What you will do - Retype each entry exactly. Skip any pictures.

┄┄┄┄┄┄

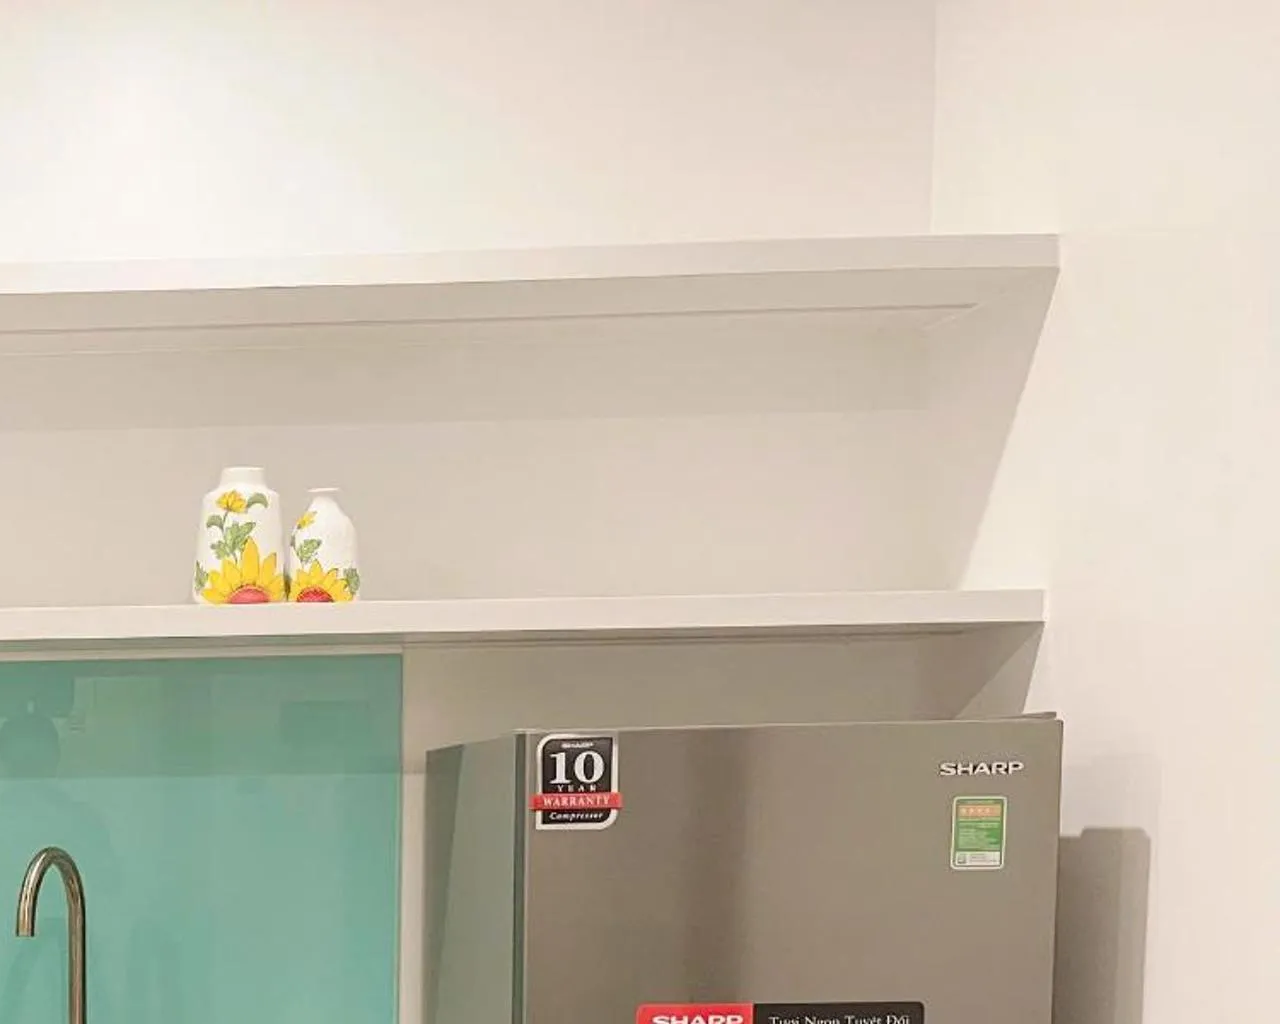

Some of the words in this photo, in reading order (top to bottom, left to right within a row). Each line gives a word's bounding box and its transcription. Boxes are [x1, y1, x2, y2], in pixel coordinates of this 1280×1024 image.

[549, 751, 605, 784] 10
[940, 762, 1024, 775] SHARP
[543, 795, 610, 807] WARRANTY
[549, 812, 603, 822] Compressor
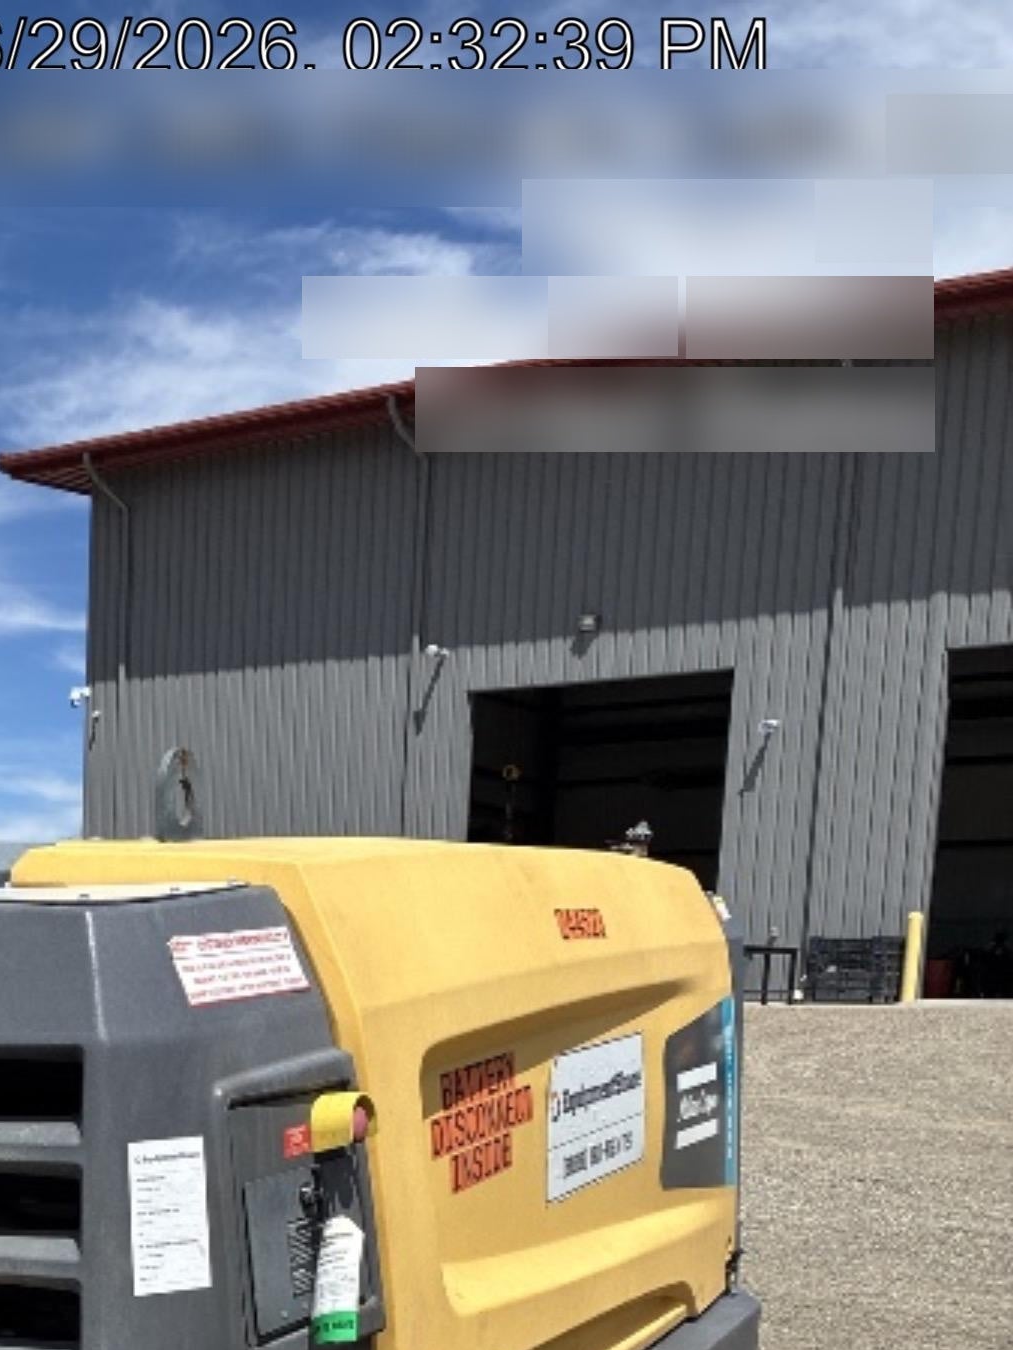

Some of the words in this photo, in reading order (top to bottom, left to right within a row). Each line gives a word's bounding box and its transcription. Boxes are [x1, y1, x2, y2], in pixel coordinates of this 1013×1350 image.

[440, 1050, 515, 1111] BATTERY
[430, 1084, 533, 1157] DISCONNECT
[451, 1132, 513, 1193] INSIDE
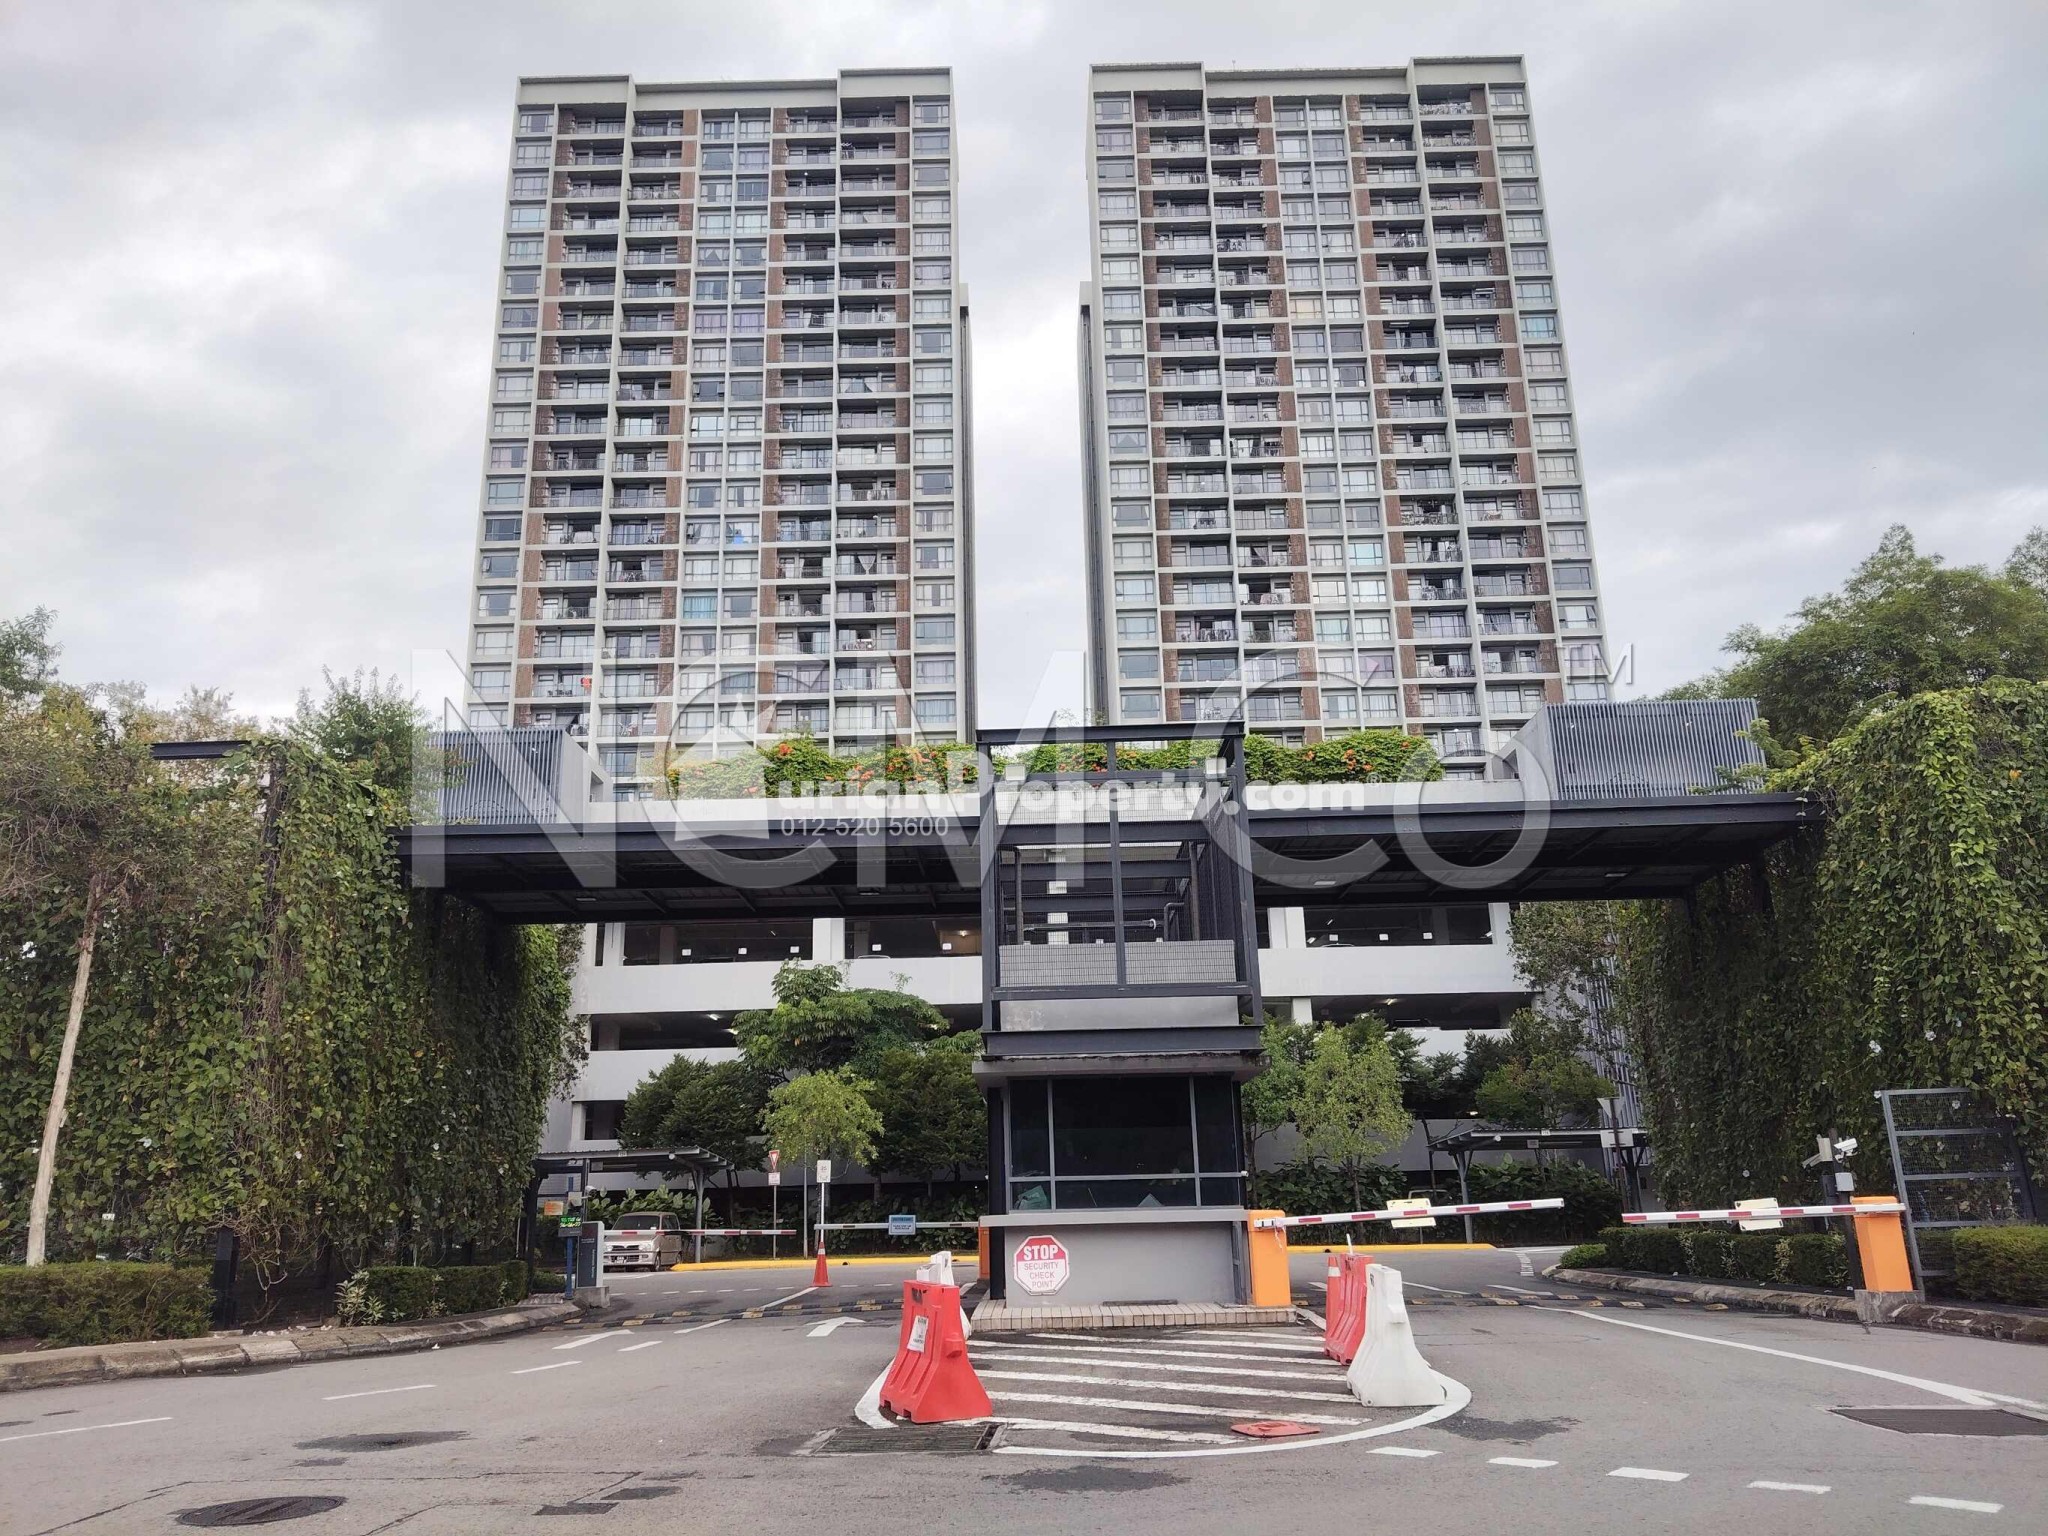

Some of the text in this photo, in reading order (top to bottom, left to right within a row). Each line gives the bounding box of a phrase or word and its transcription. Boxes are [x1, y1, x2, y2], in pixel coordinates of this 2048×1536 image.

[1024, 1245, 1058, 1260] STOP
[1025, 1262, 1059, 1271] SECURITY
[1030, 1271, 1055, 1279] CHECK

┄┄┄┄┄┄

Result for this exercise -
Some of the words in this photo, in reading order (top to bottom, left to right within a row). Each line gives a word's bounding box and its transcription. Boxes are [x1, y1, x2, y2], in pixel coordinates of this 1280×1024 image.

[549, 751, 605, 784] 10
[940, 762, 1024, 775] SHARP
[543, 795, 610, 807] WARRANTY
[549, 812, 603, 822] Compressor

Some of the words in this photo, in reading order (top to bottom, left to right within a row). Each line gives a word's bounding box and its transcription. Boxes are [x1, y1, x2, y2], in pixel coordinates of this 1013×1350 image.

[440, 1050, 515, 1111] BATTERY
[430, 1084, 533, 1157] DISCONNECT
[451, 1132, 513, 1193] INSIDE

Some of the text in this photo, in reading order (top to bottom, left to right within a row). Each line gives the bounding box of a phrase or word and its transcription. Boxes are [x1, y1, x2, y2], in pixel coordinates of this 2048×1536 image.

[1024, 1245, 1058, 1260] STOP
[1025, 1262, 1059, 1271] SECURITY
[1030, 1271, 1055, 1279] CHECK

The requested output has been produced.